Problem requirements: An exact reproduction of the entries is needed. Keep all pictures out of it.

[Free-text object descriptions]
════
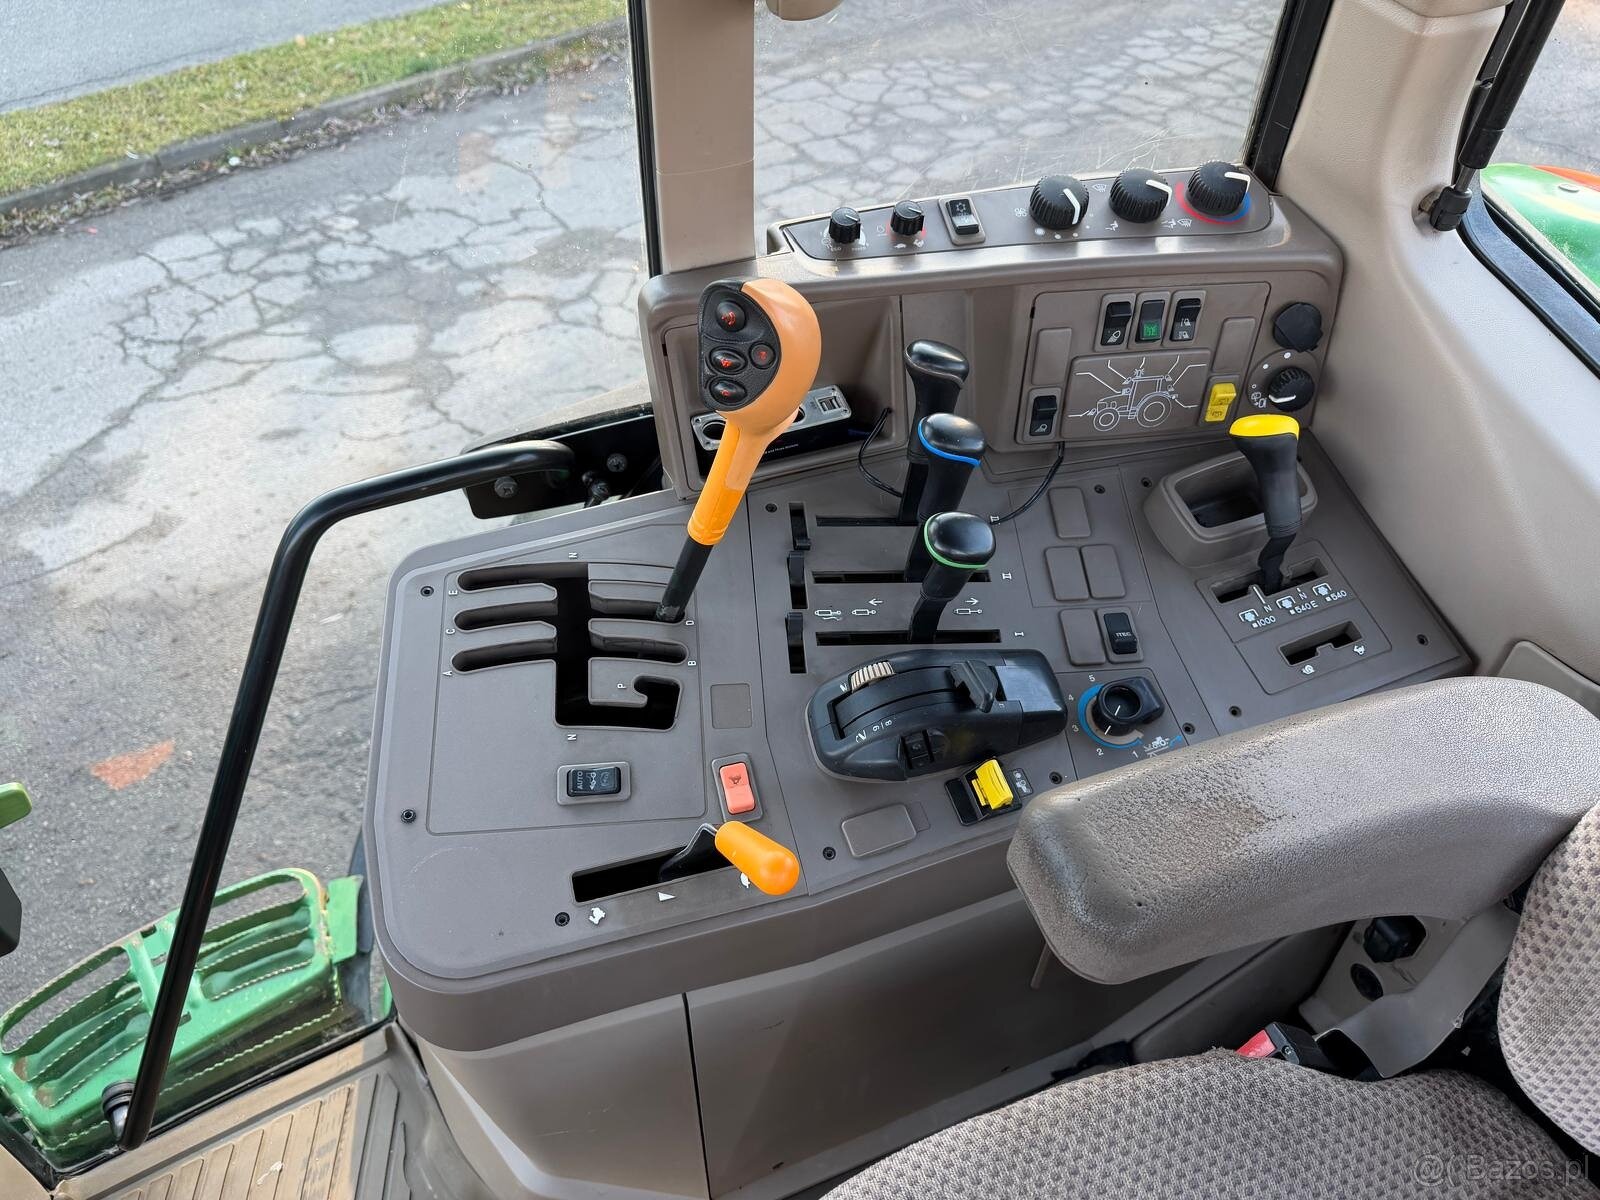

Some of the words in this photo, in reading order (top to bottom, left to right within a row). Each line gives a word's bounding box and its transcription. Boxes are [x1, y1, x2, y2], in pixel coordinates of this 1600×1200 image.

[1299, 592, 1308, 600] N
[1331, 590, 1347, 601] 540
[1264, 605, 1273, 613] N
[1257, 615, 1276, 628] 1000
[1088, 674, 1096, 682] 5
[1096, 748, 1104, 756] 2
[1132, 750, 1139, 758] 1
════
Solution below:
Some of the words in this photo, in reading order (top to bottom, left to right within a row). Each line gives a word's bounding box and its transcription. Boxes are [x1, y1, x2, y2], in pixel coordinates of this 1600×1200 image.

[1299, 592, 1308, 600] N
[1331, 590, 1347, 601] 540
[1264, 605, 1273, 613] N
[1257, 615, 1276, 628] 1000
[1088, 674, 1096, 682] 5
[1096, 748, 1104, 756] 2
[1132, 750, 1139, 758] 1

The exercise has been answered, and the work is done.